**Source records:**
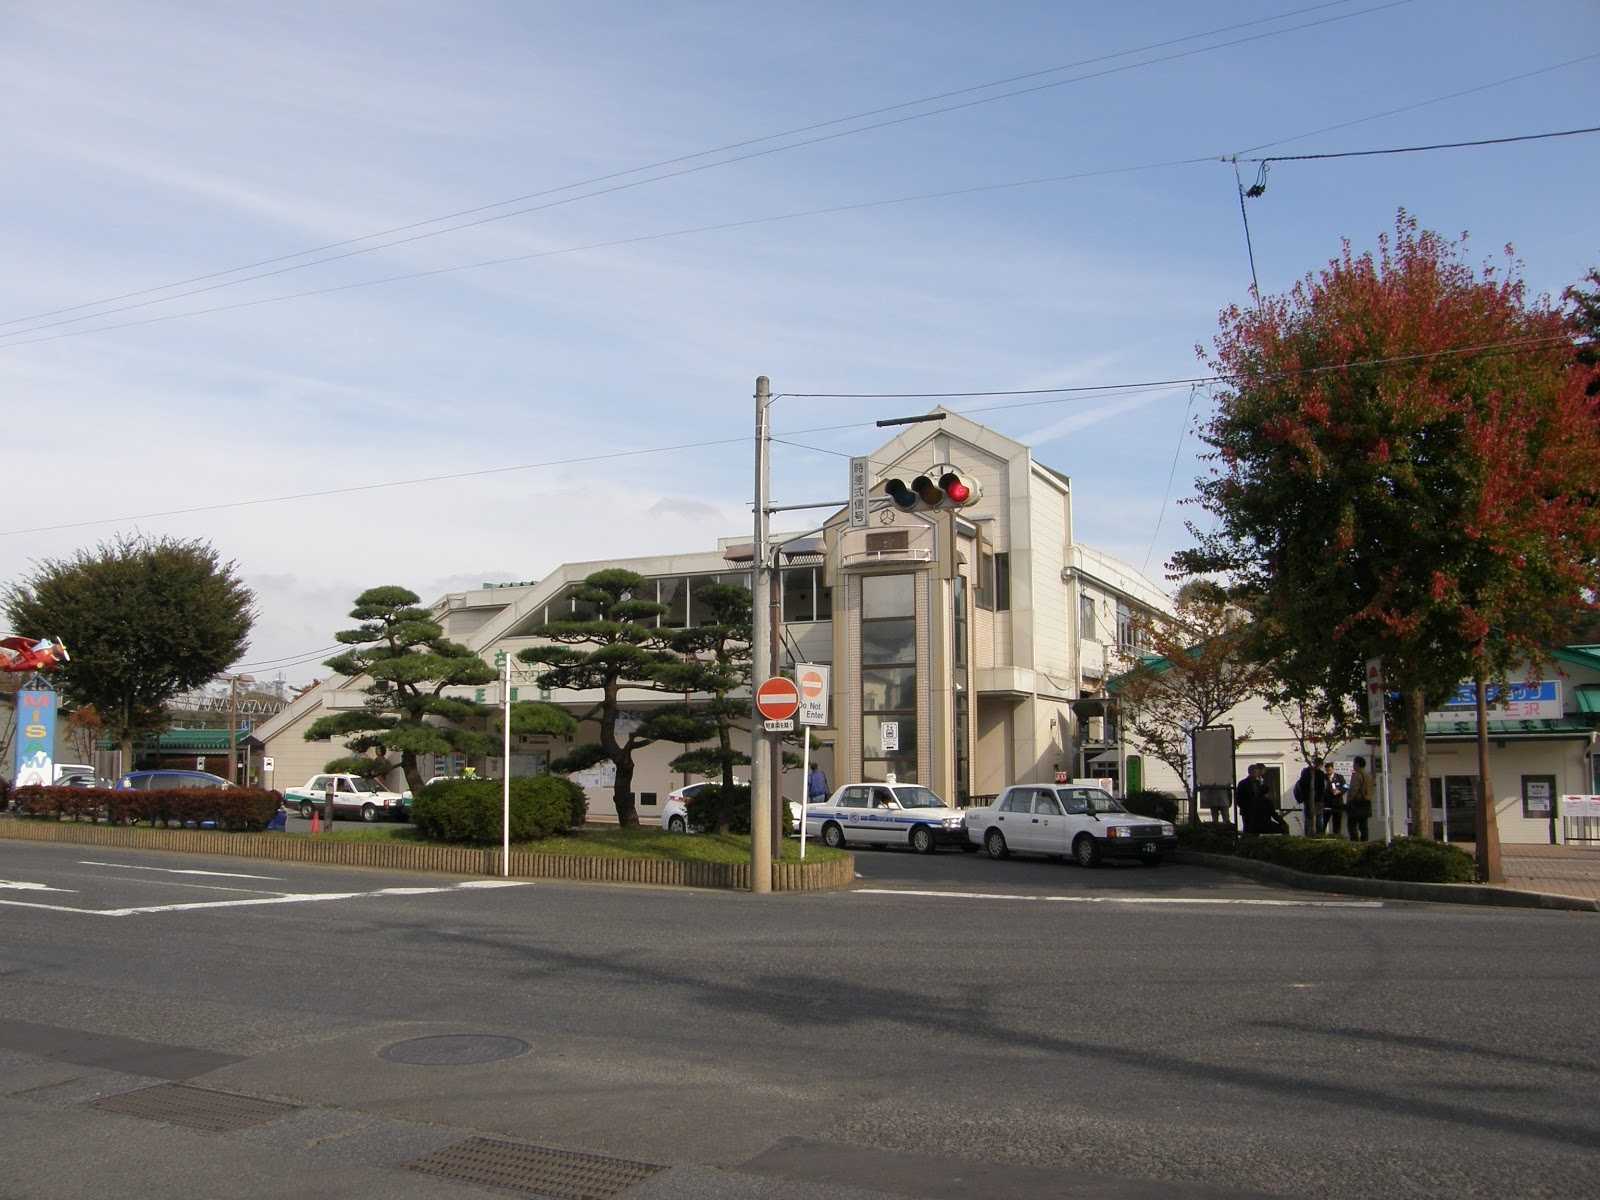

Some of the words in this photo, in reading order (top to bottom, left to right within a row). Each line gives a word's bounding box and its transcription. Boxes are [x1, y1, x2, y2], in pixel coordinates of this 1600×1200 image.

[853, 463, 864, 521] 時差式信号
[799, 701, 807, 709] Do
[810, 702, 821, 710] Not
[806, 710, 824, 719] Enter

**Task instructions:**
What you produce must match the listing word for word, with no images in it.

**Output of the task:**
Some of the words in this photo, in reading order (top to bottom, left to right within a row). Each line gives a word's bounding box and its transcription. Boxes are [x1, y1, x2, y2], in pixel coordinates of this 1600×1200 image.

[853, 463, 864, 521] 時差式信号
[799, 701, 807, 709] Do
[810, 702, 821, 710] Not
[806, 710, 824, 719] Enter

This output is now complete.